Entries shown:
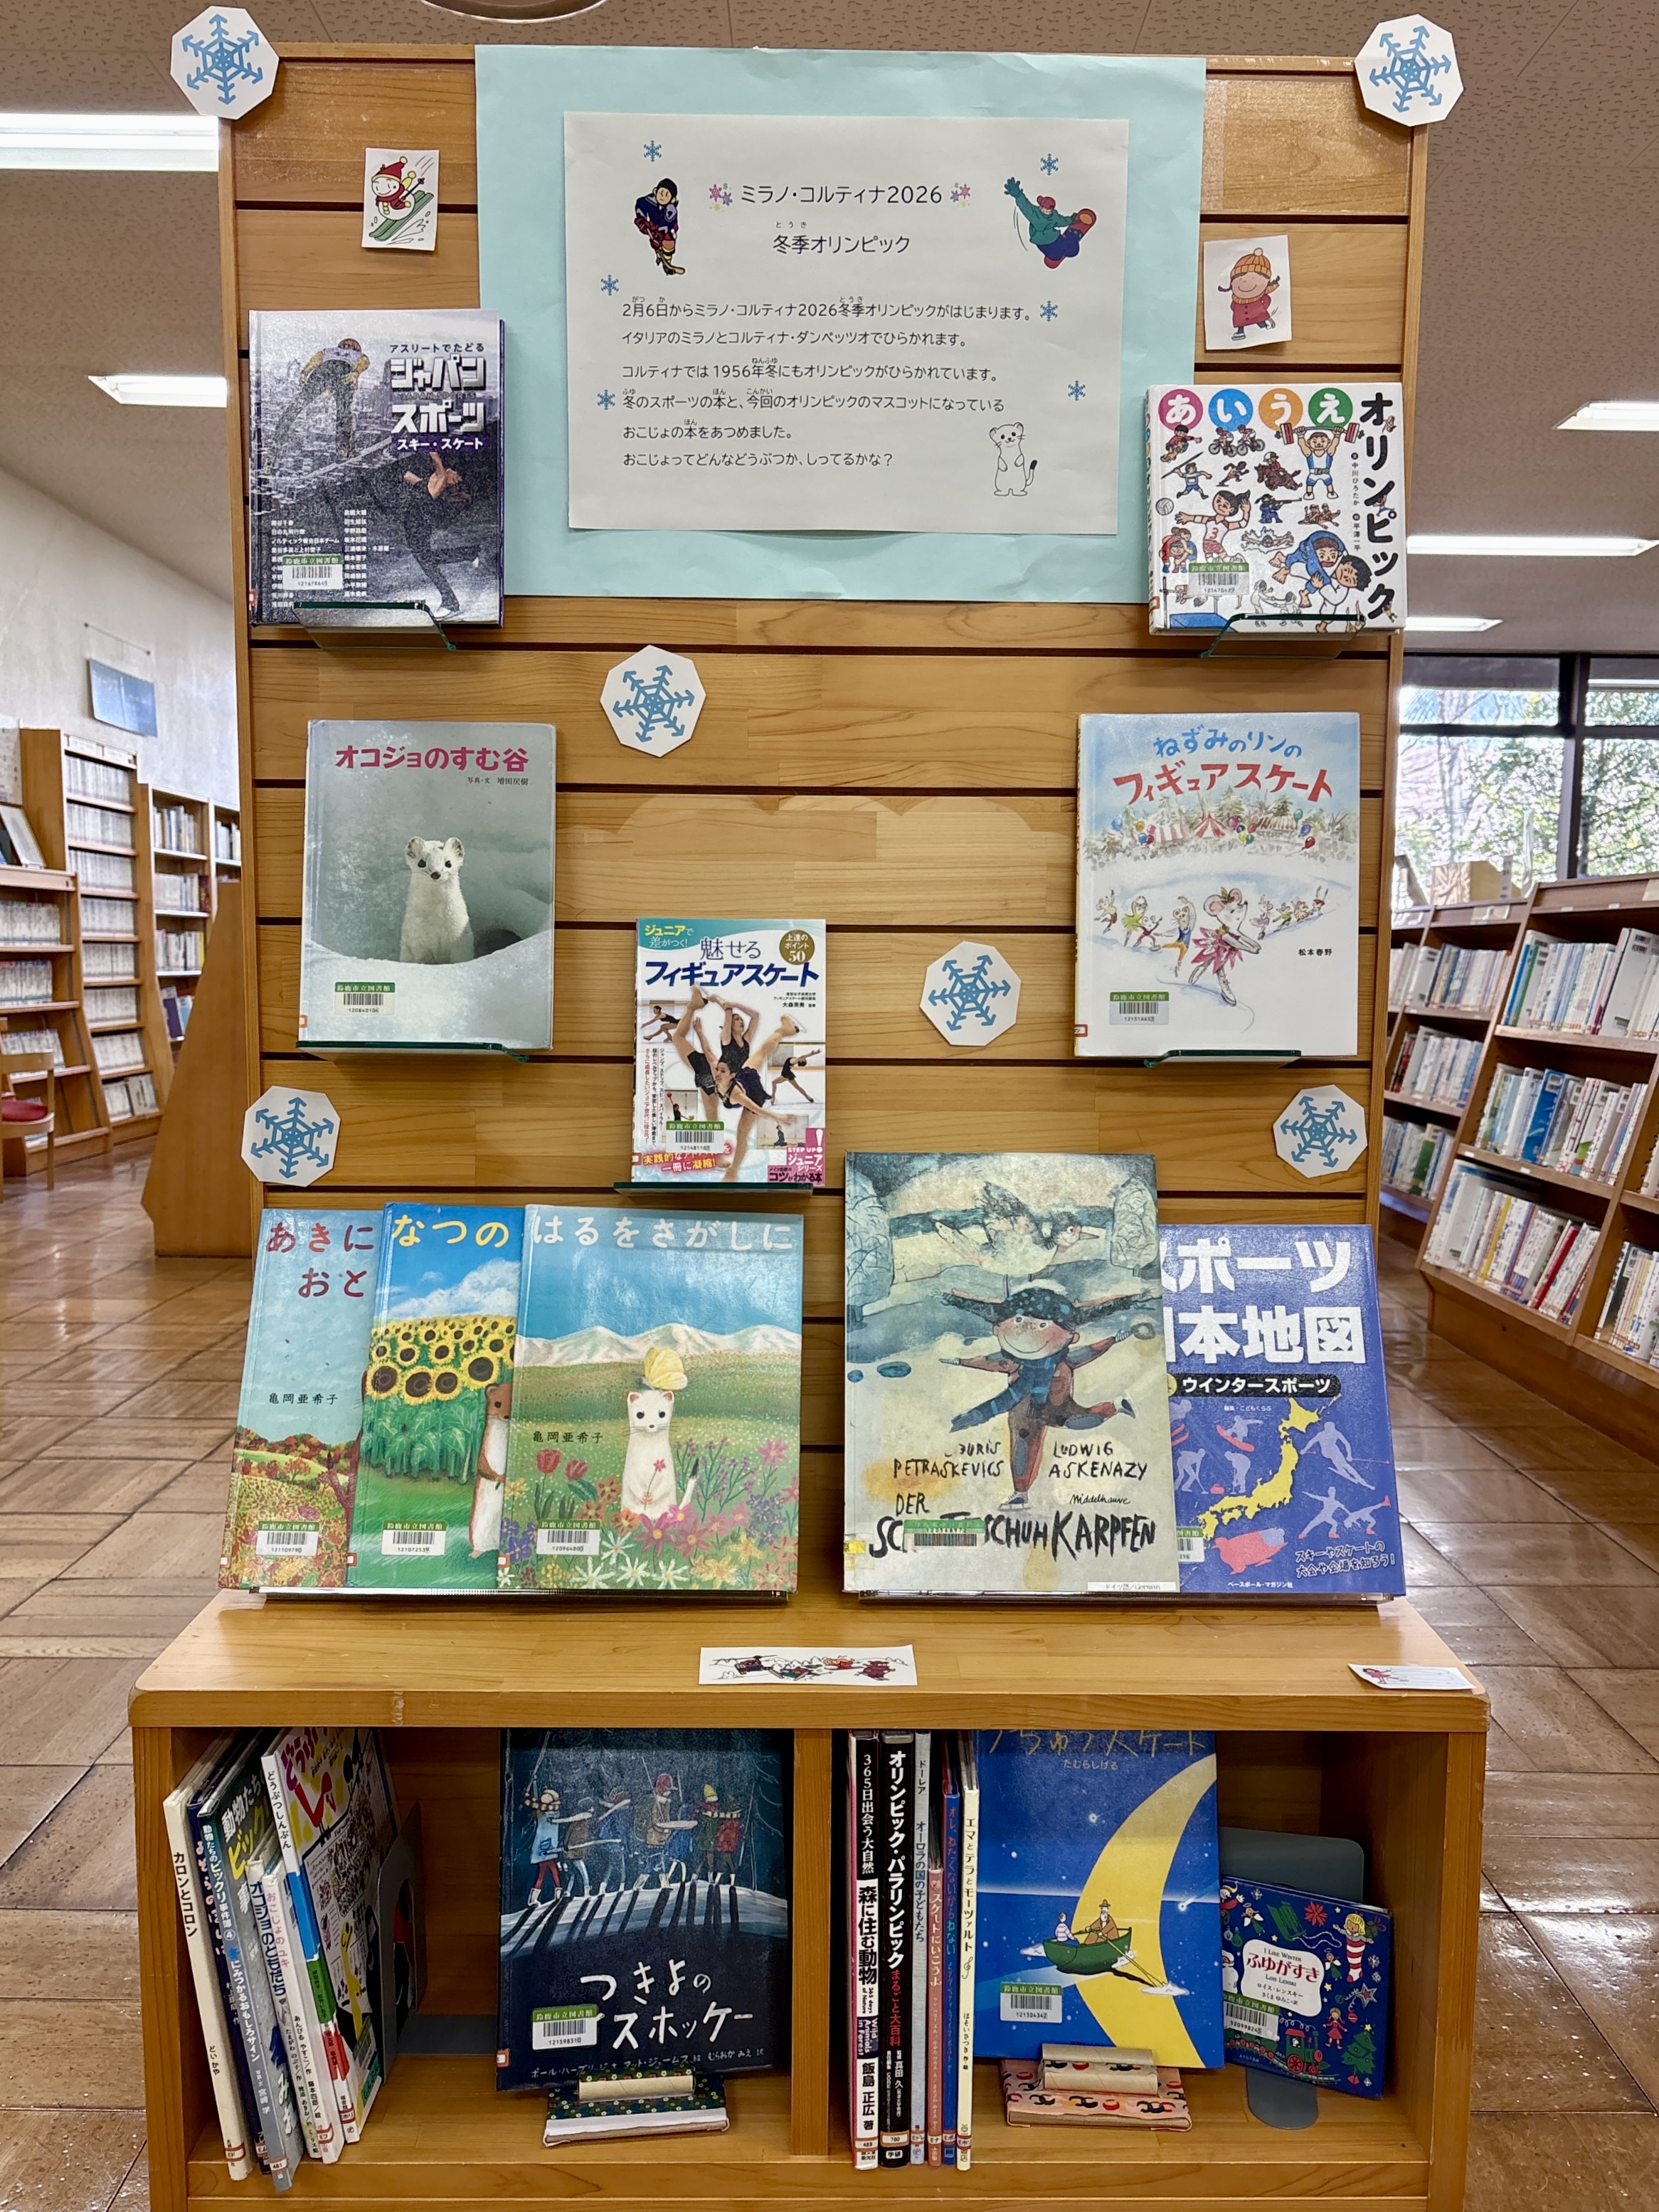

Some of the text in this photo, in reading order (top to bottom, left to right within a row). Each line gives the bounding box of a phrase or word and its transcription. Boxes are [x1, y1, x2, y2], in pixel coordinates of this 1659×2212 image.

[741, 185, 943, 204] ミラノ・コルティナ2026
[775, 221, 807, 229] とうき
[773, 234, 911, 255] 冬季オリンピック
[622, 303, 1029, 320] 2月6日からミラノ・コルティナ2026冬季オリンピックがはじまります。
[390, 343, 484, 353] アスリートでたどる
[391, 354, 487, 391] ジャパン
[401, 392, 434, 401] JAPAN
[623, 395, 1005, 412] 冬のスポーツの本と、今回のオリンピックのマスコットになっている
[1166, 393, 1345, 425] あいうえ
[391, 399, 486, 433] スポーツ
[397, 438, 483, 450] スキー・スケート
[623, 425, 792, 440] おこじょの本をあつめました。
[1359, 392, 1399, 619] オリンピック
[1153, 724, 1303, 758] ねずみのリンの
[336, 745, 529, 773] オコジョのすむ谷
[1112, 760, 1333, 805] フィギュアスケート
[645, 924, 694, 937] ジュニアで
[650, 936, 688, 948] 差がつく!
[700, 937, 761, 961] 魅せる
[788, 951, 806, 963] 50
[1298, 948, 1333, 956] 松本春野
[645, 961, 820, 988] フィギュアスケート
[788, 1154, 823, 1166] ジュニア
[265, 1222, 374, 1253] あきに
[392, 1214, 509, 1248] なつの
[534, 1216, 793, 1251] はるをさがしに
[298, 1267, 368, 1298] おと
[1162, 1305, 1366, 1365] 本地図
[1182, 1376, 1332, 1395] ウインタースポーツ
[268, 1392, 339, 1406] 亀岡亜希子
[533, 1430, 603, 1444] 亀岡亜希子
[1053, 1441, 1113, 1458] LUDWIG
[1049, 1459, 1147, 1481] ASKENAZY
[895, 1492, 930, 1516] DER
[1295, 1540, 1386, 1563] スキーやスケートの
[917, 1759, 926, 1795] ドーレア
[1062, 1758, 1118, 1770] たむらしげる
[267, 1770, 292, 1849] どうぶつしんぶん
[862, 1754, 874, 1874] 365日出会う大自然
[887, 1750, 906, 1970] オリンピック・パラリンピック
[173, 1852, 198, 1937] カロンとコロン
[914, 1821, 926, 1943] オーロラの国の子どもたち
[963, 1818, 977, 1952] エマとテラとモーツァルト
[266, 1893, 290, 1968] おこじょのユキ
[858, 1886, 877, 1985] 森に住む動物
[928, 1893, 943, 1986] スケートにいこうよ
[1246, 1952, 1320, 1983] ふゆがすき
[580, 1959, 712, 2005] つきよの
[889, 1970, 901, 2047] まるごと大百科
[294, 2016, 304, 2041] あんびる
[597, 2001, 753, 2051] スホッケー
[863, 2019, 872, 2053] Animals
[862, 2062, 876, 2087] 飯島
[895, 2061, 903, 2078] 真田
[894, 2080, 903, 2089] 久
[862, 2090, 876, 2116] 正広

What you will do:
An exact reproduction of all the records is required, with no pictures included.

Task output:
Some of the text in this photo, in reading order (top to bottom, left to right within a row). Each line gives the bounding box of a phrase or word and its transcription. Boxes are [x1, y1, x2, y2], in pixel coordinates of this 1659×2212 image.

[741, 185, 943, 204] ミラノ・コルティナ2026
[775, 221, 807, 229] とうき
[773, 234, 911, 255] 冬季オリンピック
[622, 303, 1029, 320] 2月6日からミラノ・コルティナ2026冬季オリンピックがはじまります。
[390, 343, 484, 353] アスリートでたどる
[391, 354, 487, 391] ジャパン
[401, 392, 434, 401] JAPAN
[623, 395, 1005, 412] 冬のスポーツの本と、今回のオリンピックのマスコットになっている
[1166, 393, 1345, 425] あいうえ
[391, 399, 486, 433] スポーツ
[397, 438, 483, 450] スキー・スケート
[623, 425, 792, 440] おこじょの本をあつめました。
[1359, 392, 1399, 619] オリンピック
[1153, 724, 1303, 758] ねずみのリンの
[336, 745, 529, 773] オコジョのすむ谷
[1112, 760, 1333, 805] フィギュアスケート
[645, 924, 694, 937] ジュニアで
[650, 936, 688, 948] 差がつく!
[700, 937, 761, 961] 魅せる
[788, 951, 806, 963] 50
[1298, 948, 1333, 956] 松本春野
[645, 961, 820, 988] フィギュアスケート
[788, 1154, 823, 1166] ジュニア
[265, 1222, 374, 1253] あきに
[392, 1214, 509, 1248] なつの
[534, 1216, 793, 1251] はるをさがしに
[298, 1267, 368, 1298] おと
[1162, 1305, 1366, 1365] 本地図
[1182, 1376, 1332, 1395] ウインタースポーツ
[268, 1392, 339, 1406] 亀岡亜希子
[533, 1430, 603, 1444] 亀岡亜希子
[1053, 1441, 1113, 1458] LUDWIG
[1049, 1459, 1147, 1481] ASKENAZY
[895, 1492, 930, 1516] DER
[1295, 1540, 1386, 1563] スキーやスケートの
[917, 1759, 926, 1795] ドーレア
[1062, 1758, 1118, 1770] たむらしげる
[267, 1770, 292, 1849] どうぶつしんぶん
[862, 1754, 874, 1874] 365日出会う大自然
[887, 1750, 906, 1970] オリンピック・パラリンピック
[173, 1852, 198, 1937] カロンとコロン
[914, 1821, 926, 1943] オーロラの国の子どもたち
[963, 1818, 977, 1952] エマとテラとモーツァルト
[266, 1893, 290, 1968] おこじょのユキ
[858, 1886, 877, 1985] 森に住む動物
[928, 1893, 943, 1986] スケートにいこうよ
[1246, 1952, 1320, 1983] ふゆがすき
[580, 1959, 712, 2005] つきよの
[889, 1970, 901, 2047] まるごと大百科
[294, 2016, 304, 2041] あんびる
[597, 2001, 753, 2051] スホッケー
[863, 2019, 872, 2053] Animals
[862, 2062, 876, 2087] 飯島
[895, 2061, 903, 2078] 真田
[894, 2080, 903, 2089] 久
[862, 2090, 876, 2116] 正広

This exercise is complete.